__Action item__:
Your answer must be the listing repeated word for word, without its pictures.

__Given data__:
------------------------------

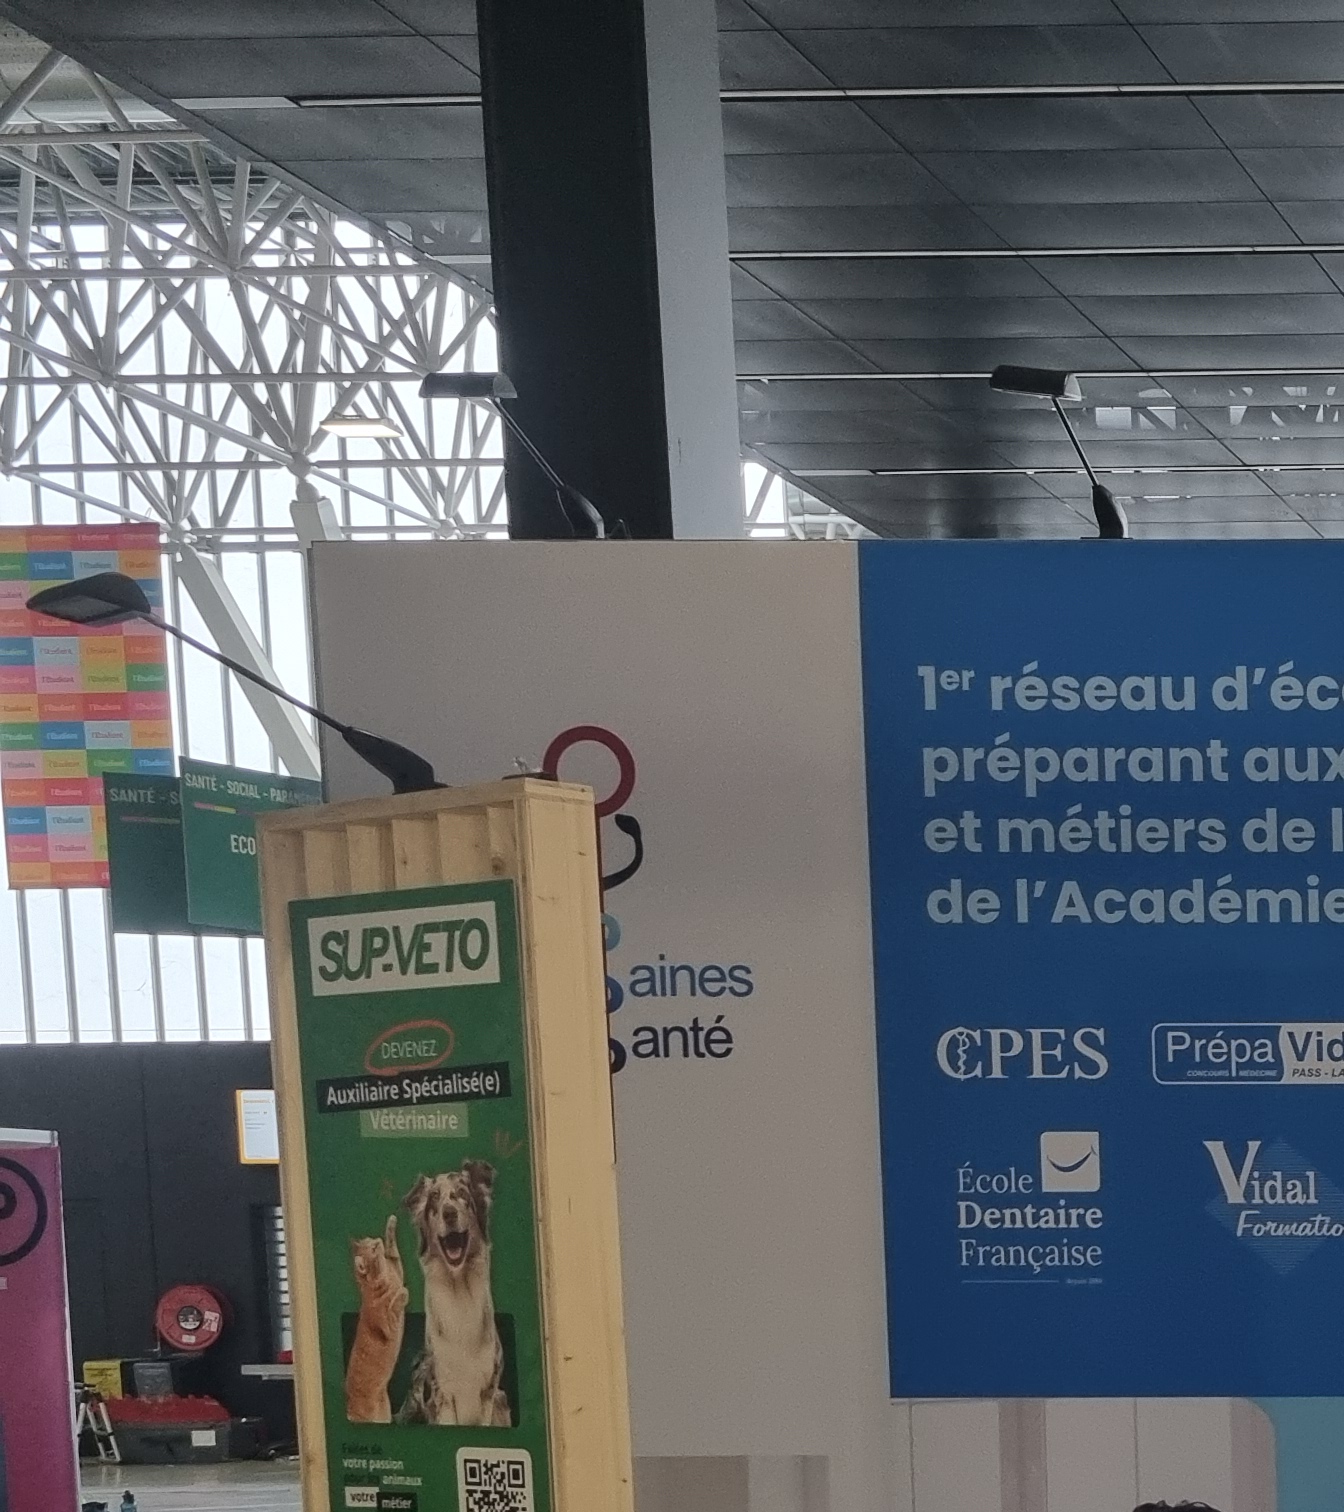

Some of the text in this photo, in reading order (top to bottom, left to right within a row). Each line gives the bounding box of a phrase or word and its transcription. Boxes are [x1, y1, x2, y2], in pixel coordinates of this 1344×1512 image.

[917, 665, 975, 710] 1er
[991, 660, 1195, 710] réseau
[185, 773, 218, 792] SANTÉ
[227, 781, 260, 799] SOCIAL
[923, 732, 1228, 797] préparant
[924, 810, 982, 853] et
[998, 803, 1227, 853] métiers
[1242, 808, 1315, 853] de
[926, 879, 1000, 924] de
[318, 917, 490, 982] SUP-VETO
[382, 1040, 438, 1059] DEVENEZ
[937, 1026, 1109, 1080] CPES
[1167, 1030, 1275, 1077] Prépa
[327, 1071, 500, 1106] Auxiliaire Spécialisé(e)
[957, 1162, 1033, 1194] École
[1203, 1141, 1318, 1205] Vidal
[957, 1199, 1103, 1229] Dentaire
[959, 1238, 1103, 1274] Française
[369, 1458, 404, 1472] passion

------------------------------

__Answer for the task__:
Some of the text in this photo, in reading order (top to bottom, left to right within a row). Each line gives the bounding box of a phrase or word and its transcription. Boxes are [x1, y1, x2, y2], in pixel coordinates of this 1344×1512 image.

[917, 665, 975, 710] 1er
[991, 660, 1195, 710] réseau
[185, 773, 218, 792] SANTÉ
[227, 781, 260, 799] SOCIAL
[923, 732, 1228, 797] préparant
[924, 810, 982, 853] et
[998, 803, 1227, 853] métiers
[1242, 808, 1315, 853] de
[926, 879, 1000, 924] de
[318, 917, 490, 982] SUP-VETO
[382, 1040, 438, 1059] DEVENEZ
[937, 1026, 1109, 1080] CPES
[1167, 1030, 1275, 1077] Prépa
[327, 1071, 500, 1106] Auxiliaire Spécialisé(e)
[957, 1162, 1033, 1194] École
[1203, 1141, 1318, 1205] Vidal
[957, 1199, 1103, 1229] Dentaire
[959, 1238, 1103, 1274] Française
[369, 1458, 404, 1472] passion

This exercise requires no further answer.